1. Interpretation of Similar Gene Expression Reordering
Jeerayut Chaijaruwanich

2. Method Reorder Gene Expression of Diauxic Shifts
Map high level Gene Ontology (Molecular Functions, Biological Processes, and Cellular Components) onto reordered genes
Analyze distributions of Molecular Functions, Biological Processes, and Cellular Components according to reordered genes
histograms
clustering
PCA
The method of analysis is following. We use microarray from Brown’s Lab, diauxic shift, and reorder it with our algorithm. Then we try to map the function of genes to the order of reordered genes, and see its distribution. We expect to find some relationship between our reordering and functions of genes.

3. Gene Expression Reordering: Diauxic Shift
Microarray of diauxic shift is considered to reorder genes. The order of genes will be analyzed from slide 11.

4. High Level Gene Ontology
We want to see how our reordering can tell what happen in cell. So, we need to look at function of genes first, and see how many they are (slides 5-7), and how they are distributed according to diauxic shift phenomenon (slides 8-10).

5. This is the histogram that shows amount of genes involved in each molecular function. It just counts from ontology file in slide 4, not include microarray information yet.

6. Same as slide 5, but here we look at Biological process.

7. Same as slide 5, here is for cellular components.

8. Now, we plot the diauxic shift microarray in two-dimensions using Discriminant Analysis technique to show how molecular function of genes are distributed. We find that most genes expressed in the same manner, and we can not detected easily the function of genes from expression. The problem seems to be very difficult to us.

9. Same as slide 8, but we look at biological process.

10. Same as slide 8, but here for cellular components.

11. Now, we map the molecular function onto the gene reordered by our algorithm. The x-axis corresponds to the order of reordered genes, when doing histogram genes are grouped into 10 slots (~500 genes/group). The y-axis shows the number of genes involved in each function. We can see that it is difficult to capture out what this histogram says. We may need to reorganize this presentation in order to see it more clearly and easily. The slide 14 will group the functions that have similar pattern.

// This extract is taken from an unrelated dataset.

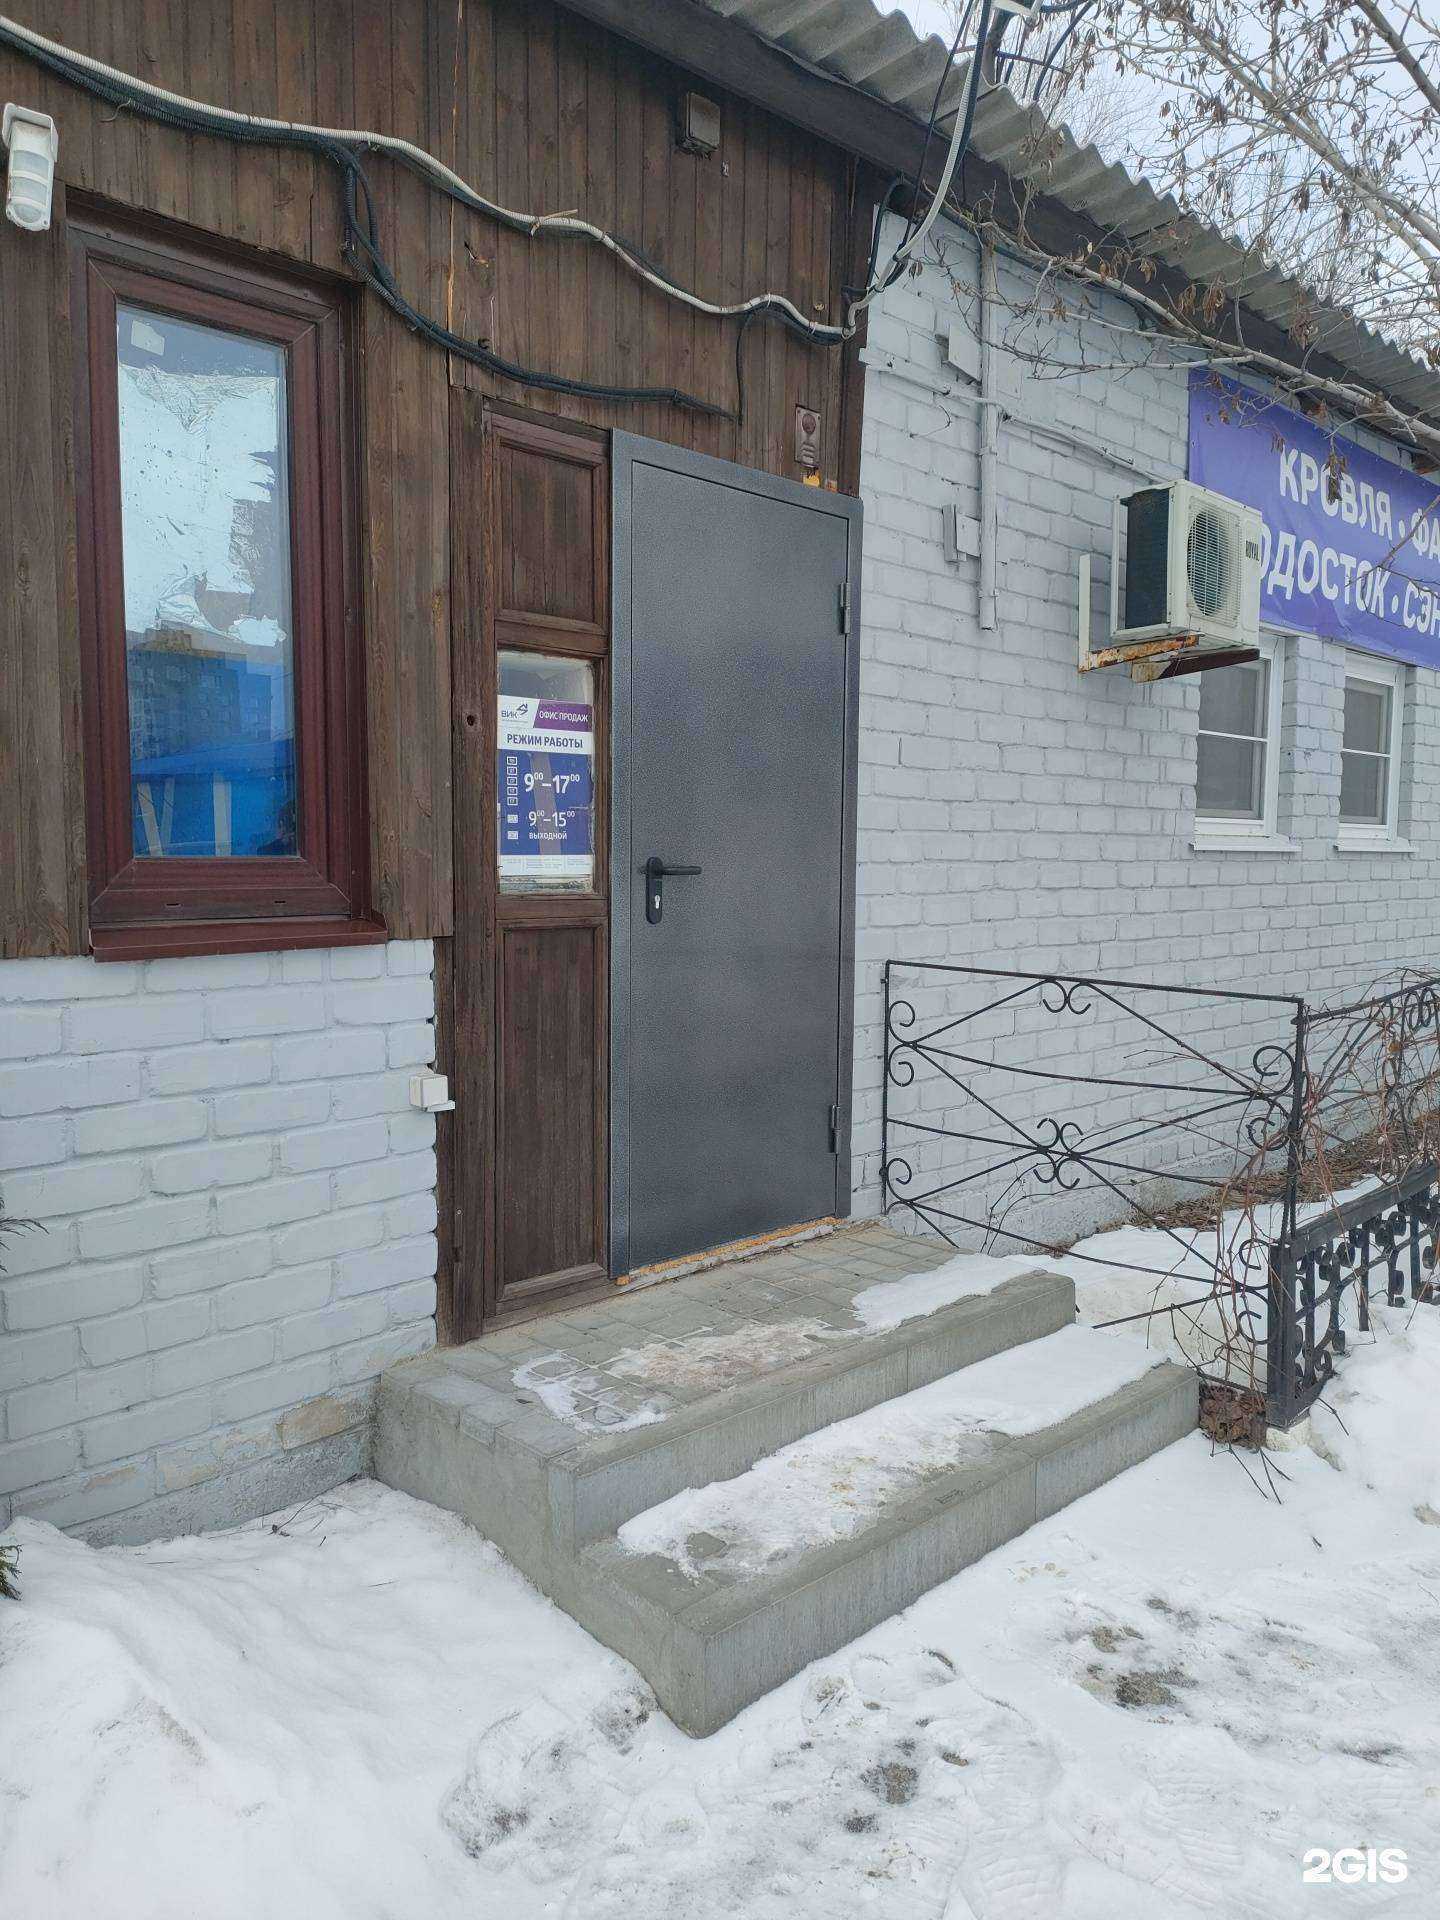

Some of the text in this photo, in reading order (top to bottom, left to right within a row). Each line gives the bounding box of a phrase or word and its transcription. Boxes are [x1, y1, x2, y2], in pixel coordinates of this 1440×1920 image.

12. Same as slide 11, but for Biological Process.

13. Same as slide 11, but for Cellular component.

14. Here, we try to group (cluster) the histogram pattern of slides 11, 12, 13, to see results more clearly. We just apply our reordering algorithm to the histogram data instead of microarray as usual. Figures in left hand side are original, and ones in right hand side are reordered.
The columns of each figure correspond to 10 histogram periods (x-axis) in slide 11, 12, and 13. The rows of each figure correspond to Molecular Functions, or Biological Processes, or Cellular Components. The intensity of colors in figures represents number of genes involved in such function at certain histogram period.
From this results, we cluster Molecular Functions, Biological Processes, and Cellular Components into 4 groups, and show in slides 15, 17, 19.

15. Here, we obtain 4 groups of Molecular Functions that have mostly the same pattern. The y-axis shows the number of genes involved, the x-axis shows the histogram periods (order of reordered genes ). The molecular functions in each cluster may suggest us certain common characteristic they behave during diauxic shift phenomenal. The interpretation of this results could be the contribution of our method.

16. Here, I plot the molecular functions, using data from Histogram in slide 11, to see how similar they are in Principle Component Analysis viewpoint. You can relate this slide with the slide 15, the objective is the same, to see which functions have similar characteristic.

17. Same as slide 15, but for Biological Processes.

18. Same as slide 16, but for Biological Processes.

19. Same as slide 15, but for Cellular Components.

20. Same as slide 16, but for Cellular Components.

21. Now, I try to focus on genes involved in certain functions
Now, I try to focus on genes involved in certain functions. Here, the oxidoreductase and RNA binding are chosen, because these two functions are quite different in histogram pattern, see slide 16. The difference of functions means also the difference of expressions in microarray data. (I already mentioned in slide 8 that genes involved in almost function express similarly, and it is hard to distinguish the functions from expression data.) Here, we choose the easiest cases which is almost different in expression between genes in two functions.

22. The data in slide 21 are plotted using Discriminant Analysis
The data in slide 21 are plotted using Discriminant Analysis. It shows that expression of genes involved in two functions are very similar. If we want to predict the function of a gene from its expression, we can plot such gene onto this graph and see which class (function) it is close to. The maximum likelihood method can be used to evaluated in term of probability. However, in this case you can see that even the most distinguish functions we choose (here are RNA binding and oxidoreductase), it is not easy to determine the function for some particular expression. (Note that the result in this slide does not use our reordering algorithm, only the expression from microarray. But the functions are chosen implicitly by our reordering.)
In conclusion, we find that the problem is not quite easy as many think. Gene expression data clustering might not be the key to discover function of genes. Our reordering algorithm allows us to find some relationship between functions in genomic scale. The interpret these obtaining results is not yet done. We need to go further, and get more in details.